Health Care For All?

Another thoughtful editorial in this week's New England Journal of Medicine.

Clearly this is becoming a hotter topic in the medical journals.

I do not have comments at this time, but would be interested in comments from lay readers.

Check it out here.

7 comments:

The Stem Cell Geek said...

My personal opinion is that the health of the citizens should be a public matter, not a business left to private companies. In the US is it possible to have patient who needs a transplant but doesn't have the money to pay it?
Rewards for people who keep in shape would be a real revolution in primary prevention of diseases.

Vance Esler said...

For all practical purposes, it is next to impossible for uninsured or under-insured patients to have stem cell transplants, though we have done it on occasion.

The costs of stem cell collection, processing, and support through the post-transplant period are hard for hospitals and other providers to absorb.

The Stem Cell Geek said...

I see the cost problem but I think that the state should pay for every treatment that is evidence based proved to be effective (in this case life saving).
In other words people in your country just die because they don't have the money! It's not their fault if they happened to get a lymphoma/leukemia, maybe even an aggressive histotype. This is really tragic and astonishing. Do you think after these elections policies will change?

Vance Esler said...

Implied in your response is the recognition that some sort of rationing is necessary.

One way to ration care is through cost, and that's the way it is over here right now. Rationing along the lines you suggest -- allowing only evidence-based treatments -- may be preferable, though still problematic.

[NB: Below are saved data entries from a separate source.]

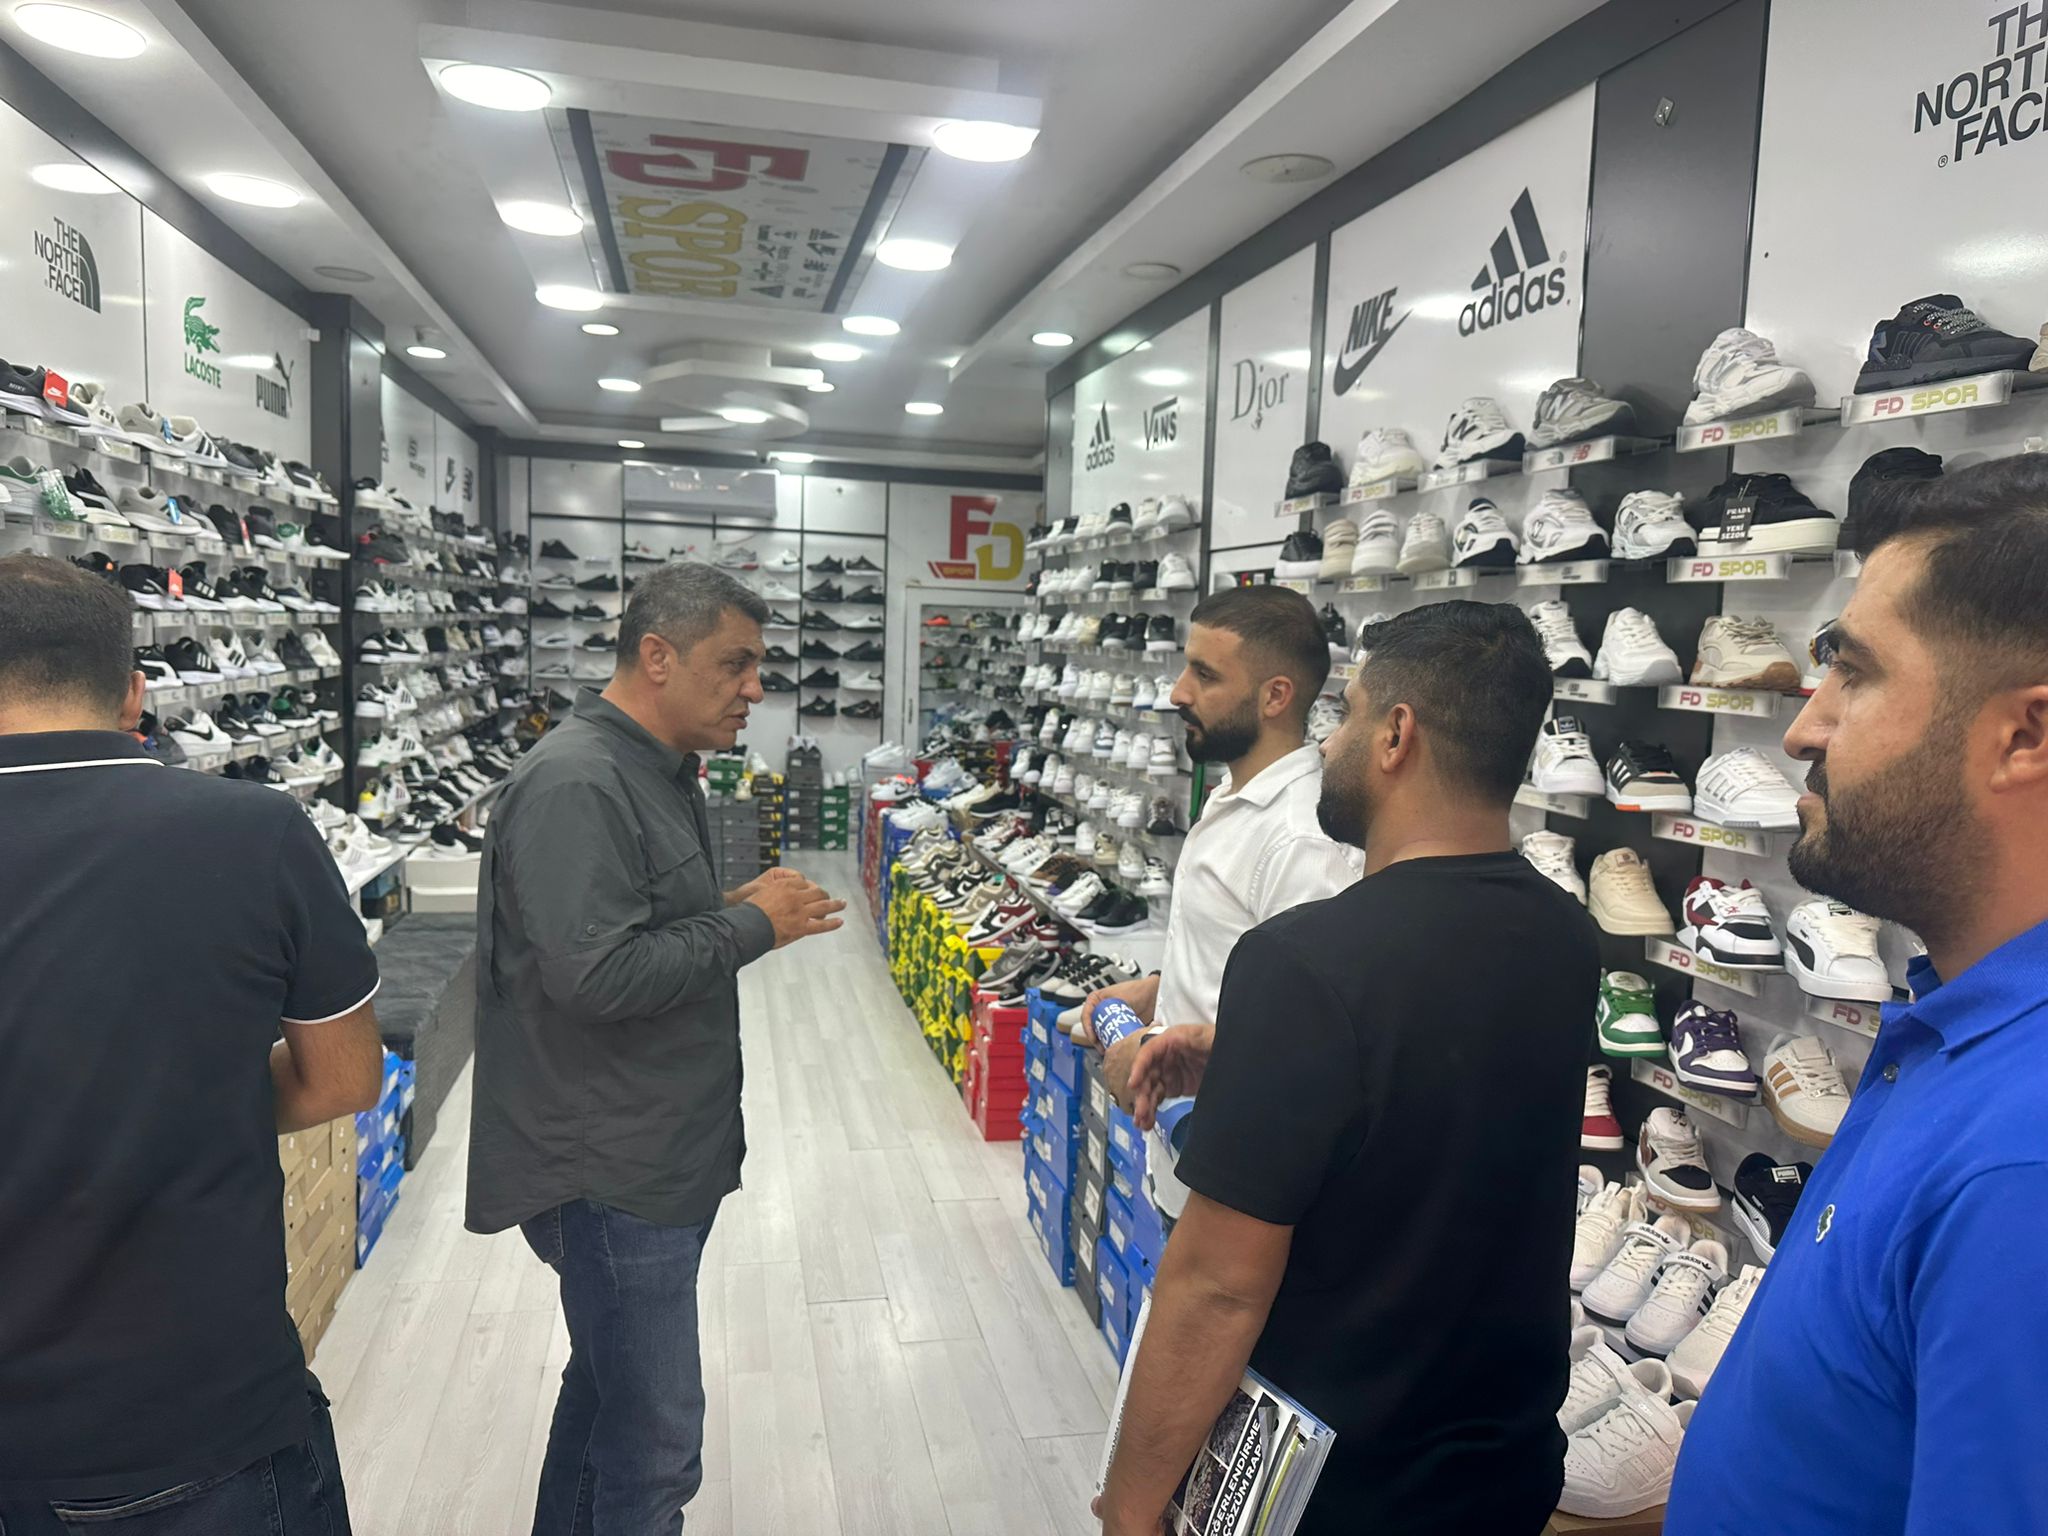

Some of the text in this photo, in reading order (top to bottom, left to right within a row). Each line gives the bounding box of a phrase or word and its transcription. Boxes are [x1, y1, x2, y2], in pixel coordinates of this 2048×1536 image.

[1988, 0, 2048, 57] TH
[1914, 41, 2048, 133] NORT
[1954, 87, 2048, 162] FAC
[34, 230, 79, 278] NORTH
[54, 216, 79, 253] THE
[617, 196, 748, 298] SPOR
[48, 264, 80, 303] FACE
[1459, 268, 1565, 337] adidas
[1345, 287, 1398, 354] NIKE
[185, 352, 221, 389] LACOSTE
[256, 374, 288, 418] PUMA
[1231, 359, 1289, 424] Dior
[1873, 384, 1978, 416] FD SPOR
[1143, 396, 1177, 451] VANS
[1701, 418, 1777, 443] FD SPOR
[1726, 506, 1752, 516] PRADA
[950, 495, 1024, 581] FD
[1721, 531, 1746, 540] SEZON
[1691, 559, 1767, 577] FD SPOR
[1680, 691, 1754, 711] FD SPOR
[1673, 822, 1747, 848] FD SPOR
[1669, 950, 1690, 968] FD
[1095, 1003, 1136, 1034] ALIŞA
[1832, 1003, 1862, 1026] FD
[1653, 1070, 1673, 1090] FD
[1209, 1418, 1261, 1536] EĞERLENDİRME
[1244, 1437, 1263, 1482] RAP

People will still die, but it will be because treatment is denied due to lack of scientific proof, not lack of money. But what about all those nebulous and uncertain factors that don't fit the clinical trials? It's a problem, too.

I don't see an easy fix. I expect the US will develop a national health care system. The elections probably won't change that fact. They may only decide how fast it happens.

The Stem Cell Geek said...

Choosing from all the evidence-based therapies, maybe a start could be that the state could/should make an effort to pay at least for the life saving ones, such as bone marrow transplant.

Vance Esler said...

Well, if the state starts paying for transplants, the next issue will be, "Do they pay enough?"

As I have written about here before, government payments are often below acquisition and overhead costs.

So it would be interesting to see whether transplants would actually increase or decrease in frequency.

David Arenson said...

I think the NEJM article makes some interesting points. But I think a bigger factor than the loss of the "shared sacrifice/shared care" mentality of World War II is simply that government is strapped for cash. That, and the individualism of Americans who want choices such as they are used to, will lead to the creation of a hybrid public/private system. I do think the author may be accurate in his conclusion, that government is not "a guarantor of easy living irrespective of striving but an insurer of basic decency when self-reliance fails."